** What you will do **
Reproduce the entries below in full and without error.

** Records **
╭──

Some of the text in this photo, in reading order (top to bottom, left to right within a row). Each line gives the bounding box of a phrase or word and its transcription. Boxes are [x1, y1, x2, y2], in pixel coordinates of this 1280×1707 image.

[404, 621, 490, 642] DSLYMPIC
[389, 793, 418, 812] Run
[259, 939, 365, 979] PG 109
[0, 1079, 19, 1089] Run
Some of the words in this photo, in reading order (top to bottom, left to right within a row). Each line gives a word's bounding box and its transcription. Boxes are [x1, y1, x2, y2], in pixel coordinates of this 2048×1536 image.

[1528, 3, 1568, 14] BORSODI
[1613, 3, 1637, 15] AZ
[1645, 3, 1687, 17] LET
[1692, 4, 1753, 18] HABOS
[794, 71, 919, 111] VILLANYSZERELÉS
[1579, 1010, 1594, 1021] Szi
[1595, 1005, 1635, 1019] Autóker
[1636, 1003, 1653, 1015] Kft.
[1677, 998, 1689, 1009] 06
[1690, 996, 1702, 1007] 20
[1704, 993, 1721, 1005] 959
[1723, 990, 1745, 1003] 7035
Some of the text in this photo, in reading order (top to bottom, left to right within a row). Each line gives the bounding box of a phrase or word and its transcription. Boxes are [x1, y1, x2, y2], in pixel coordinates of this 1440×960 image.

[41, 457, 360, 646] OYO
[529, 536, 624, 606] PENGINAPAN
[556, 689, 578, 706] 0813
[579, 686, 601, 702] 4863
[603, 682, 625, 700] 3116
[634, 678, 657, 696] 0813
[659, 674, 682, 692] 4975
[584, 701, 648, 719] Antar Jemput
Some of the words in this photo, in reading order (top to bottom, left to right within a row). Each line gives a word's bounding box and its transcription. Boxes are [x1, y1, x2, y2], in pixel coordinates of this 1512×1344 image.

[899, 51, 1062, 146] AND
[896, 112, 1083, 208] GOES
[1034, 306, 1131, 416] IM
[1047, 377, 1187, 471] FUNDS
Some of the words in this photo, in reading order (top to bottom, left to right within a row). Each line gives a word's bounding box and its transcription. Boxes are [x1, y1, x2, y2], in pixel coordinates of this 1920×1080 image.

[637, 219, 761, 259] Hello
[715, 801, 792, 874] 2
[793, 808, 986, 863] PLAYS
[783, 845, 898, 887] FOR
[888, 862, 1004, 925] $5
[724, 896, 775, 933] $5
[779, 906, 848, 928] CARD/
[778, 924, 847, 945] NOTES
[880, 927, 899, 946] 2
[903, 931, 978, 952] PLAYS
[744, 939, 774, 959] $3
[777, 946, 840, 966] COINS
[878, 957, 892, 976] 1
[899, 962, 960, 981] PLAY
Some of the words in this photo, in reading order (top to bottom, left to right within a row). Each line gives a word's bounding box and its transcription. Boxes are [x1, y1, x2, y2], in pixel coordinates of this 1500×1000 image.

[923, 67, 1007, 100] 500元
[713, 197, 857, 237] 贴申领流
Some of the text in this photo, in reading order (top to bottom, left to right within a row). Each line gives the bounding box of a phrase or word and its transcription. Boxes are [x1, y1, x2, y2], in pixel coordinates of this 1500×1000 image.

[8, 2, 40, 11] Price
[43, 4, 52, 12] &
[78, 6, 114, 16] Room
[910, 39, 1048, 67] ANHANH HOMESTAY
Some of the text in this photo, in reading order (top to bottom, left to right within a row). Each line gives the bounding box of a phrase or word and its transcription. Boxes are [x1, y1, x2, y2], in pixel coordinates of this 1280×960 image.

╰──

** Solved problem **
Some of the text in this photo, in reading order (top to bottom, left to right within a row). Each line gives the bounding box of a phrase or word and its transcription. Boxes are [x1, y1, x2, y2], in pixel coordinates of this 1280×1707 image.

[404, 621, 490, 642] DSLYMPIC
[389, 793, 418, 812] Run
[259, 939, 365, 979] PG 109
[0, 1079, 19, 1089] Run
Some of the words in this photo, in reading order (top to bottom, left to right within a row). Each line gives a word's bounding box and its transcription. Boxes are [x1, y1, x2, y2], in pixel coordinates of this 2048×1536 image.

[1528, 3, 1568, 14] BORSODI
[1613, 3, 1637, 15] AZ
[1645, 3, 1687, 17] LET
[1692, 4, 1753, 18] HABOS
[794, 71, 919, 111] VILLANYSZERELÉS
[1579, 1010, 1594, 1021] Szi
[1595, 1005, 1635, 1019] Autóker
[1636, 1003, 1653, 1015] Kft.
[1677, 998, 1689, 1009] 06
[1690, 996, 1702, 1007] 20
[1704, 993, 1721, 1005] 959
[1723, 990, 1745, 1003] 7035
Some of the text in this photo, in reading order (top to bottom, left to right within a row). Each line gives the bounding box of a phrase or word and its transcription. Boxes are [x1, y1, x2, y2], in pixel coordinates of this 1440×960 image.

[41, 457, 360, 646] OYO
[529, 536, 624, 606] PENGINAPAN
[556, 689, 578, 706] 0813
[579, 686, 601, 702] 4863
[603, 682, 625, 700] 3116
[634, 678, 657, 696] 0813
[659, 674, 682, 692] 4975
[584, 701, 648, 719] Antar Jemput
Some of the words in this photo, in reading order (top to bottom, left to right within a row). Each line gives a word's bounding box and its transcription. Boxes are [x1, y1, x2, y2], in pixel coordinates of this 1512×1344 image.

[899, 51, 1062, 146] AND
[896, 112, 1083, 208] GOES
[1034, 306, 1131, 416] IM
[1047, 377, 1187, 471] FUNDS
Some of the words in this photo, in reading order (top to bottom, left to right within a row). Each line gives a word's bounding box and its transcription. Boxes are [x1, y1, x2, y2], in pixel coordinates of this 1920×1080 image.

[637, 219, 761, 259] Hello
[715, 801, 792, 874] 2
[793, 808, 986, 863] PLAYS
[783, 845, 898, 887] FOR
[888, 862, 1004, 925] $5
[724, 896, 775, 933] $5
[779, 906, 848, 928] CARD/
[778, 924, 847, 945] NOTES
[880, 927, 899, 946] 2
[903, 931, 978, 952] PLAYS
[744, 939, 774, 959] $3
[777, 946, 840, 966] COINS
[878, 957, 892, 976] 1
[899, 962, 960, 981] PLAY
Some of the words in this photo, in reading order (top to bottom, left to right within a row). Each line gives a word's bounding box and its transcription. Boxes are [x1, y1, x2, y2], in pixel coordinates of this 1500×1000 image.

[923, 67, 1007, 100] 500元
[713, 197, 857, 237] 贴申领流
Some of the text in this photo, in reading order (top to bottom, left to right within a row). Each line gives the bounding box of a phrase or word and its transcription. Boxes are [x1, y1, x2, y2], in pixel coordinates of this 1500×1000 image.

[8, 2, 40, 11] Price
[43, 4, 52, 12] &
[78, 6, 114, 16] Room
[910, 39, 1048, 67] ANHANH HOMESTAY
Some of the text in this photo, in reading order (top to bottom, left to right within a row). Each line gives the bounding box of a phrase or word and its transcription. Boxes are [x1, y1, x2, y2], in pixel coordinates of this 1280×960 image.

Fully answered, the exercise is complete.